WHAT YOU ARE ASKED TO DO →
Could you write out the listing below exactly as it stands, leaving out the pictures?
───
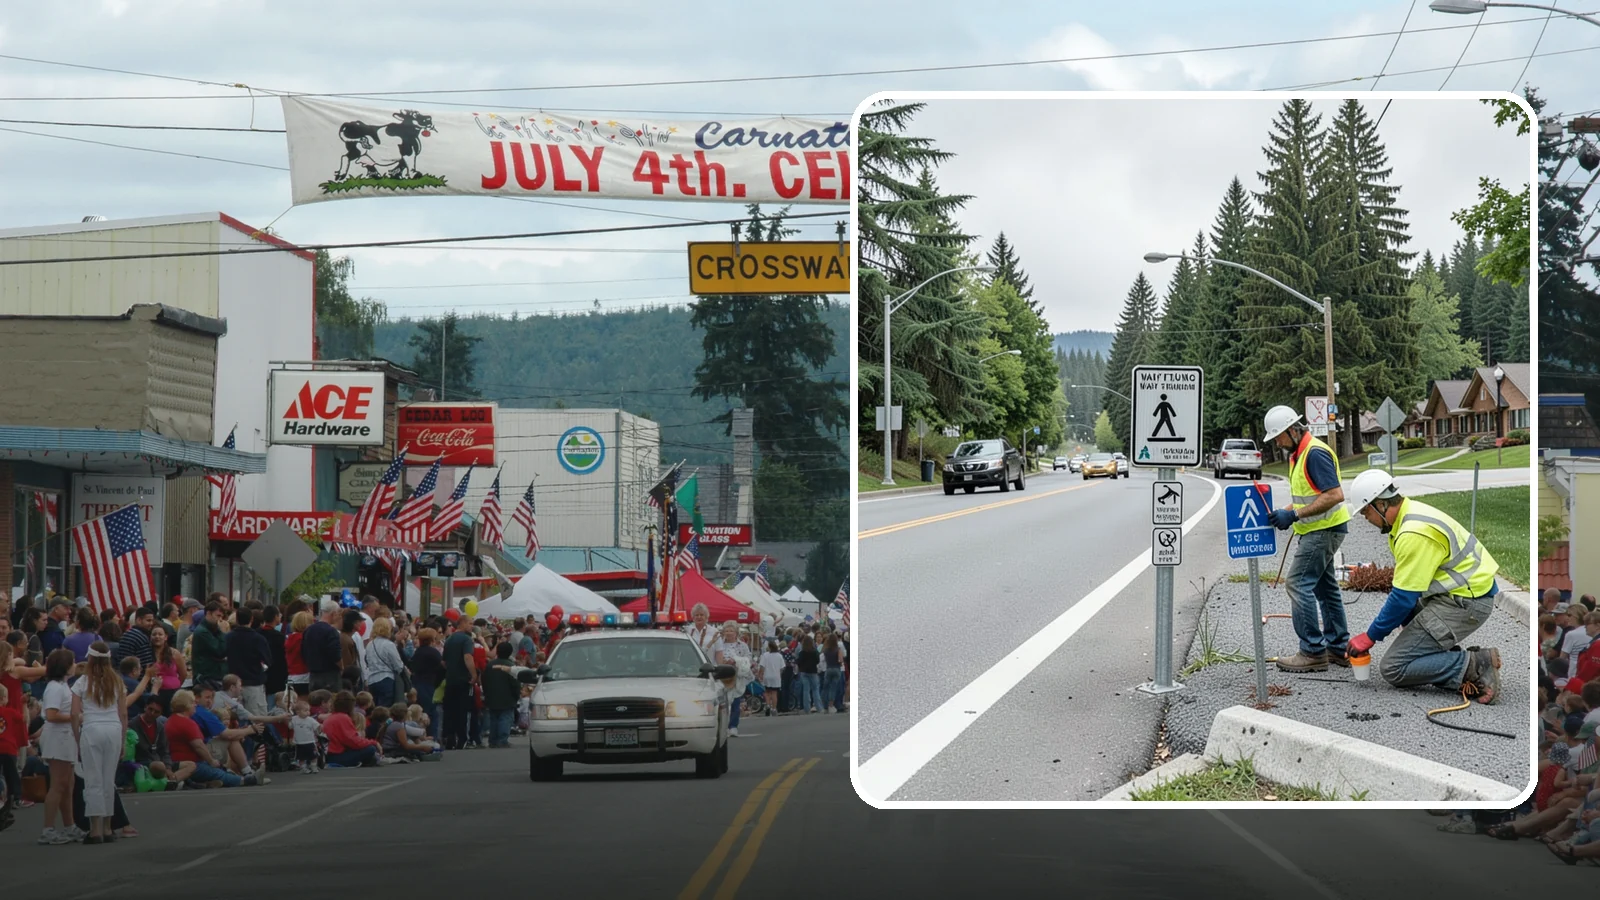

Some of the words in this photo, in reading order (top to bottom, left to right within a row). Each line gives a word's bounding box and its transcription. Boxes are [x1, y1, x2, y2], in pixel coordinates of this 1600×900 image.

[481, 140, 605, 192] JULY
[632, 150, 747, 198] 4th.
[697, 254, 850, 280] CROSSWA
[282, 379, 374, 420] ACE
[405, 409, 453, 422] CEDAR
[283, 421, 371, 436] Hardware
[416, 427, 477, 447] Coca-Cola
[353, 467, 385, 480] Simpl
[96, 484, 124, 495] Vincent
[126, 485, 136, 495] de
[137, 486, 155, 496] Paul
[699, 535, 731, 544] GLASS
───
FINAL ANSWER →
Some of the words in this photo, in reading order (top to bottom, left to right within a row). Each line gives a word's bounding box and its transcription. Boxes are [x1, y1, x2, y2], in pixel coordinates of this 1600×900 image.

[481, 140, 605, 192] JULY
[632, 150, 747, 198] 4th.
[697, 254, 850, 280] CROSSWA
[282, 379, 374, 420] ACE
[405, 409, 453, 422] CEDAR
[283, 421, 371, 436] Hardware
[416, 427, 477, 447] Coca-Cola
[353, 467, 385, 480] Simpl
[96, 484, 124, 495] Vincent
[126, 485, 136, 495] de
[137, 486, 155, 496] Paul
[699, 535, 731, 544] GLASS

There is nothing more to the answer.